Following previous fishing excercises many banks will have ensured that this data is held and only accessable offshore.
This confirms that dispossessed Kaupthing depositors are right to launch a http://www.youtube.com video campaign under the banner DONT BANK ON THE ISLE OF MAN. The Isle of Man is a trap for honest people & a haven for scoundrels. The order on the island to all bank staff is “keep your mouths shut!” It is time that the UK Ministry of Justice & Treasury stopped sitting on its hands. The Foot inquiry into the relationship between the UK & the Crown dependencies needs to take serious note of what depositors are saying in its evidence here: http://www.kaupthingiom-dag.co.uk/foot.htm
I agree it does seem incomprehensible that it doesn’t have this requested data, especially if they would need this if they were concerned to monitor for potential money-laundering.
I am in agreement with the Tax Research mission to have taxes applied fairly to all, but isn’t the Isle of Man strictly speaking outside the EU, but with special dispensations to allow trading into the EU (e.g. around VAT concordance for businesses there, trading into EU) ?
So they have no direct requirement to accord with EU regulations for this reason, unless for their own reasons they decide to curry favour?
I’d welcome your view.
I seem to agree with Donkey.

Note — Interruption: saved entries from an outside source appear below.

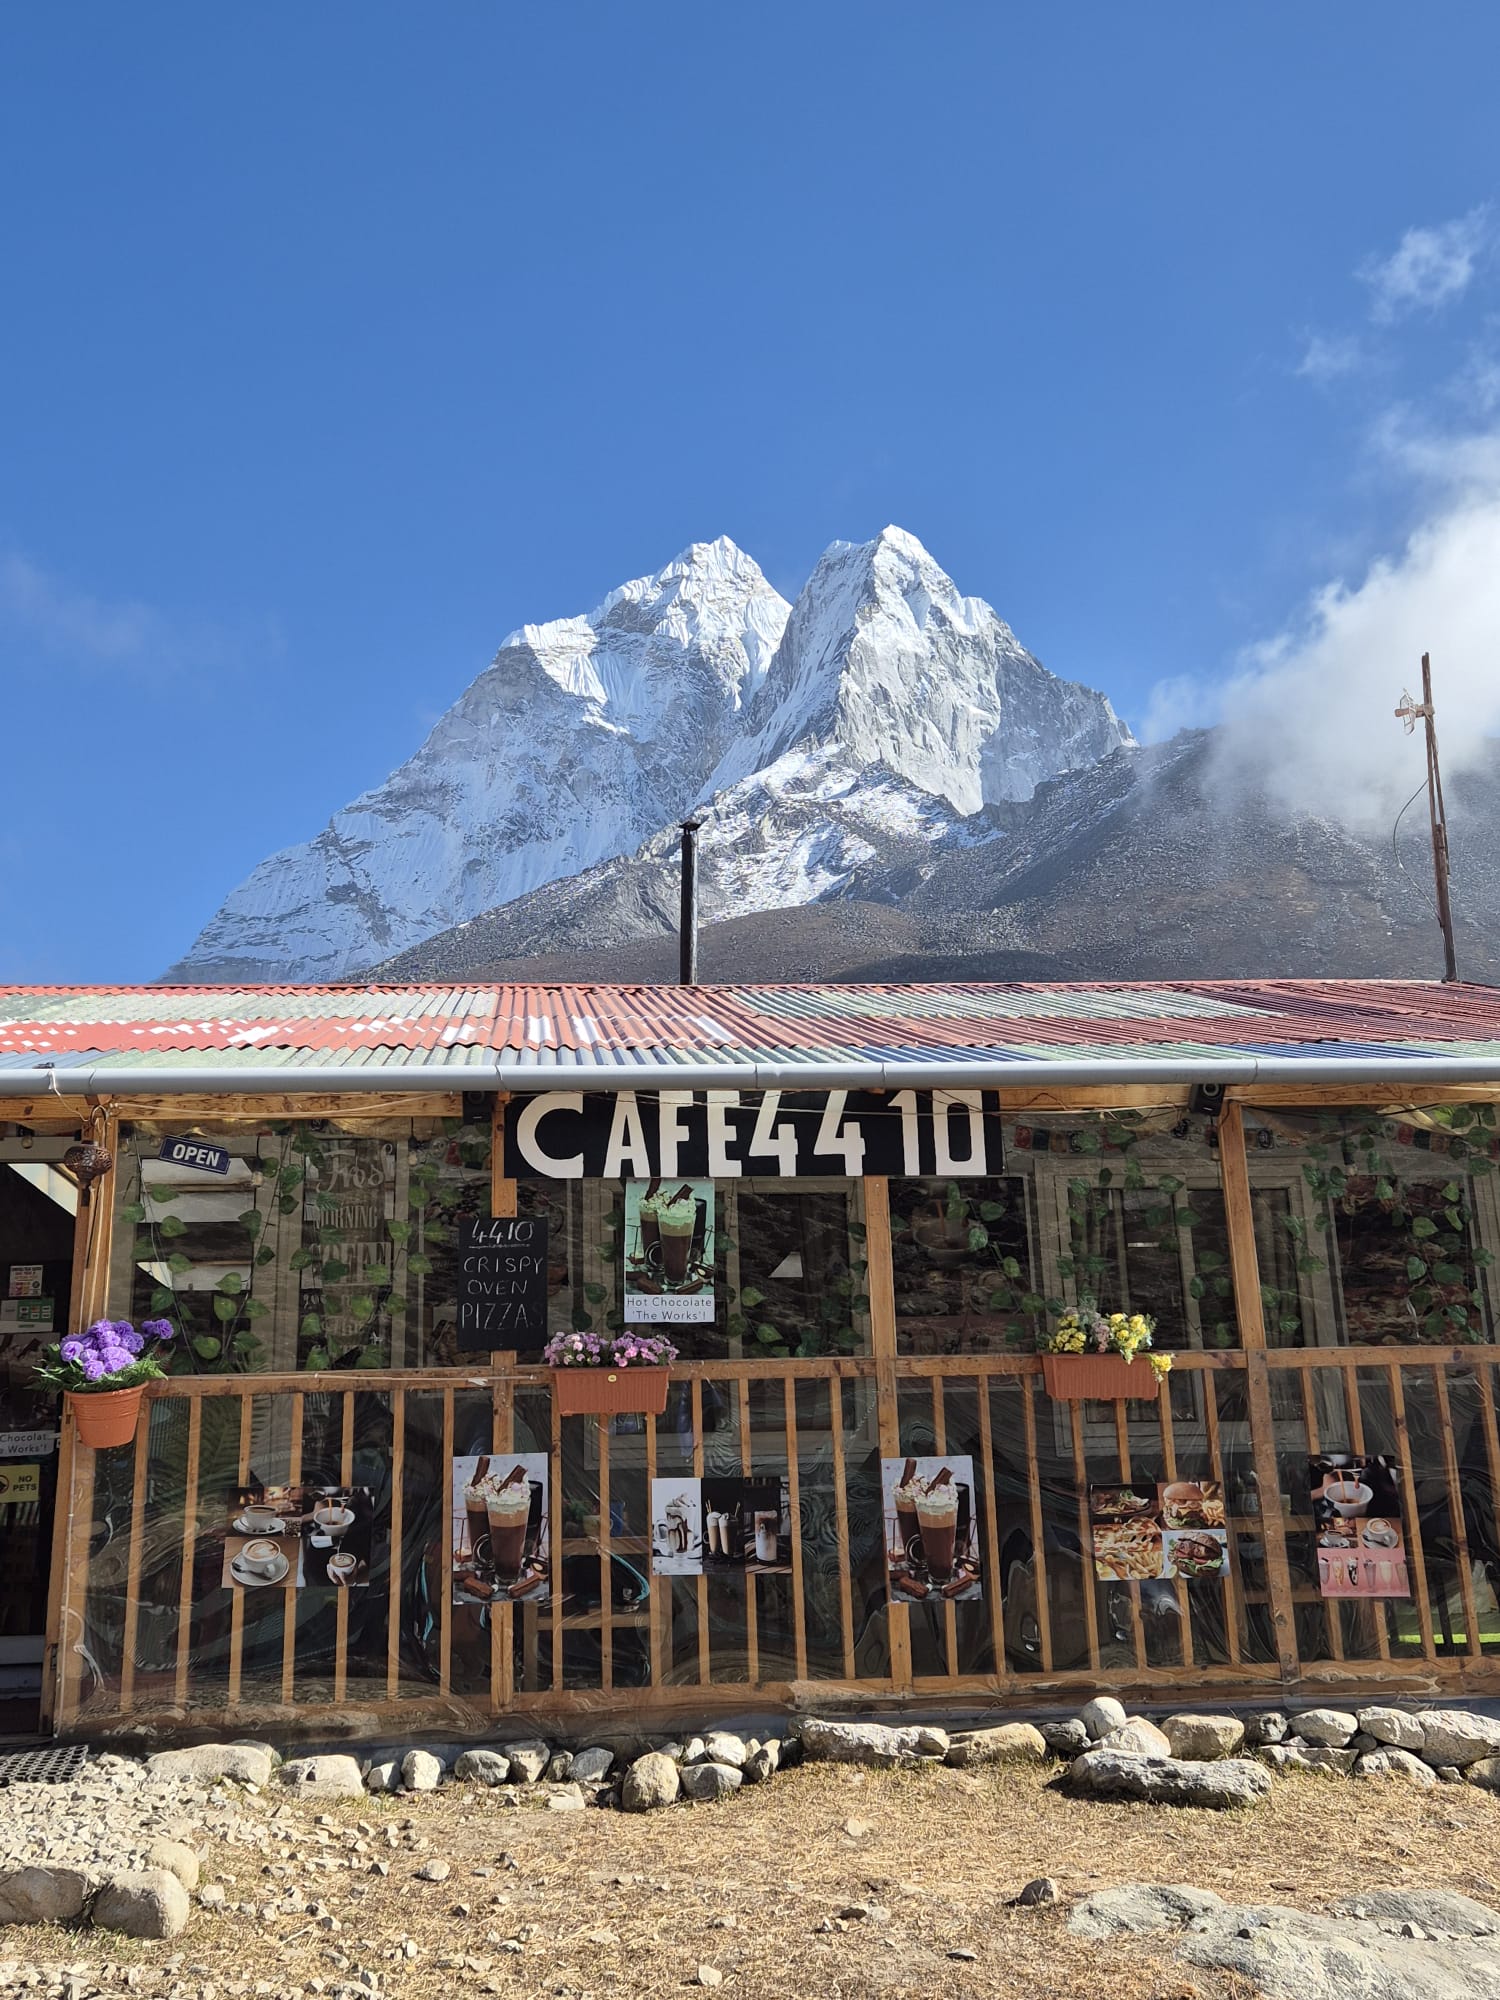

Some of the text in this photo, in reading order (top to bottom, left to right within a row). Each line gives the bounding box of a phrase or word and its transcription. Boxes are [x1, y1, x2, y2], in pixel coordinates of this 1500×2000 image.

[172, 1143, 220, 1167] OPEN
[472, 1219, 535, 1245] 4410
[463, 1256, 544, 1275] CRISPY
[467, 1279, 528, 1296] OVEN
[627, 1297, 712, 1308] Hot Chocolate
[632, 1310, 706, 1321] 'The Works'!
[0, 1431, 47, 1443] Chocolat
[18, 1475, 33, 1483] NO
[13, 1483, 38, 1492] PETS

I also interpret what Nationwide as saying is that they do not have the information in the UK, even though that information is kept in Isle of Man.
Of course if Nationwide in Isle of Man is just a branch, then Nationwide should have the info at its UK head-quarters. Otherwise Nationwide in IOM is a subsidiary (not a branch)

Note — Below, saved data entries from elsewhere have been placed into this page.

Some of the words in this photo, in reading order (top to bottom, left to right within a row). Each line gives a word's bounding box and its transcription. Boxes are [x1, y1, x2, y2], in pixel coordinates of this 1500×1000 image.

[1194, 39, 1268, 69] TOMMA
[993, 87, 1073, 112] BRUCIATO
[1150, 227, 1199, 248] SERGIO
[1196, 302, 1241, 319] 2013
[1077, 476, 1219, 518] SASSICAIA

The EU Savings Tax Directive is an agreement between the Member States of the European Union which requires Member States to exchange information with each other about EU residents who earn interest on savings and investments in one EU Member State but live in another.
Nationwide International Limited is a wholly owned subsidiary of Nationwide Building Society registered in the Isle of Man.

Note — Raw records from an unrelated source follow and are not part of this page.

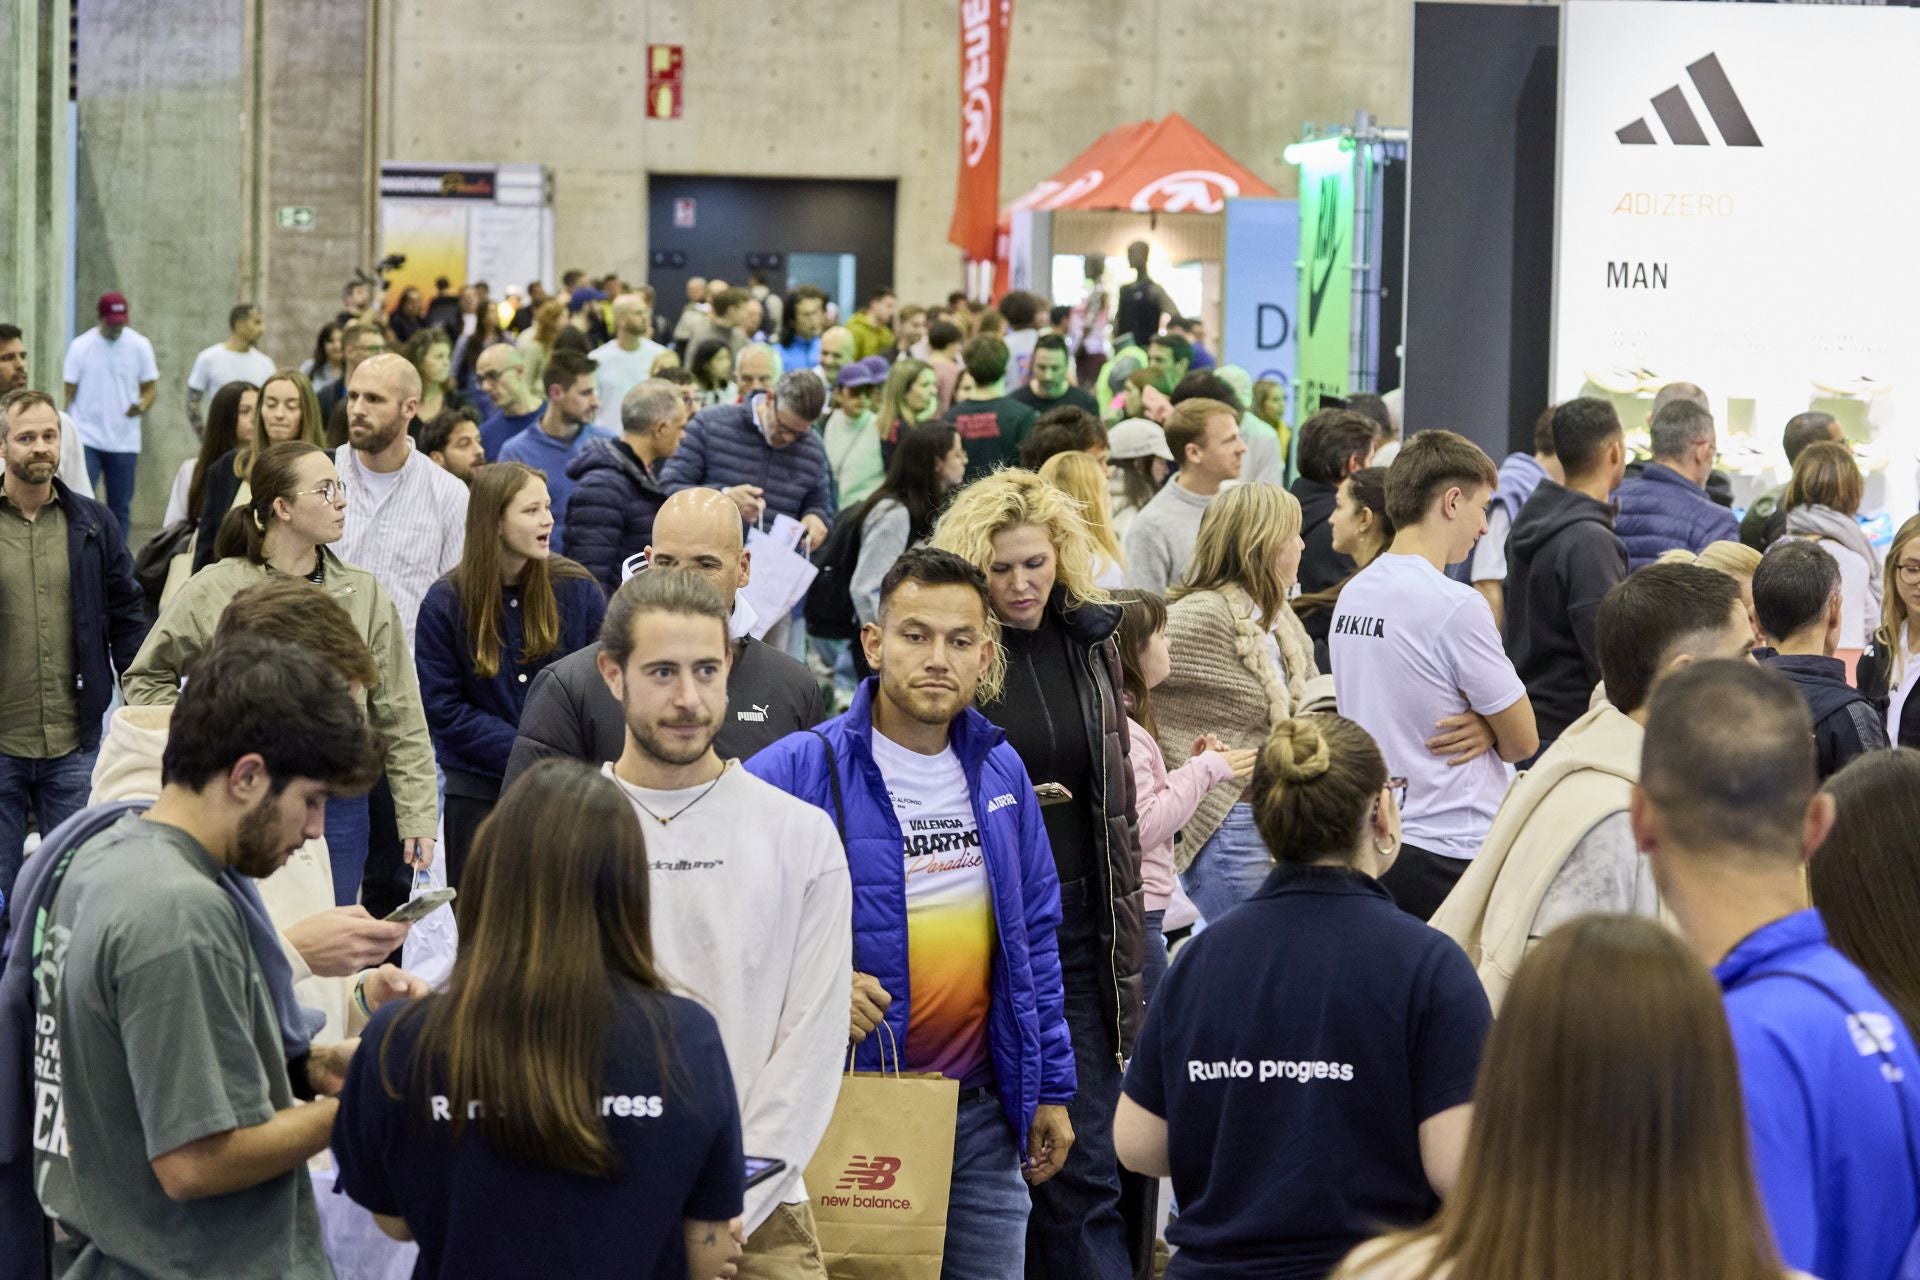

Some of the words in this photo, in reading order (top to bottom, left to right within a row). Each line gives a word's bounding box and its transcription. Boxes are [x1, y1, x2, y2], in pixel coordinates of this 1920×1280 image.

[1611, 191, 1734, 217] ADIZERO
[1606, 260, 1668, 289] MAN
[1335, 615, 1385, 638] BIKILA
[909, 818, 964, 831] VALENCIA
[906, 848, 982, 883] Paradise
[1259, 1060, 1354, 1084] progress
[821, 1194, 851, 1207] new

The Isle of Man is a self-governing Crown dependency, and is not a member of the EU.
I think your story runs out of steam about here.
Alex
The Isle of Man is not a member of the EU
But it is a member of the European Union Savings Tax Directive – because self governing or not the UK had to impose it on it – because the pretence of independence goes down nicely in London and Douglas (and St Peter Port, St Helier, Georgetown et al)but the EU doesn’t believe it
So you are completely wrong – the Isle of Man has to comply with the European Union Savings Tax Directive as it also has to comply with the EU Code of Conduct on Business Taxation.
Please get your facts right
Richard
[…] I slept on last evening’s blog on the Nationwide. […]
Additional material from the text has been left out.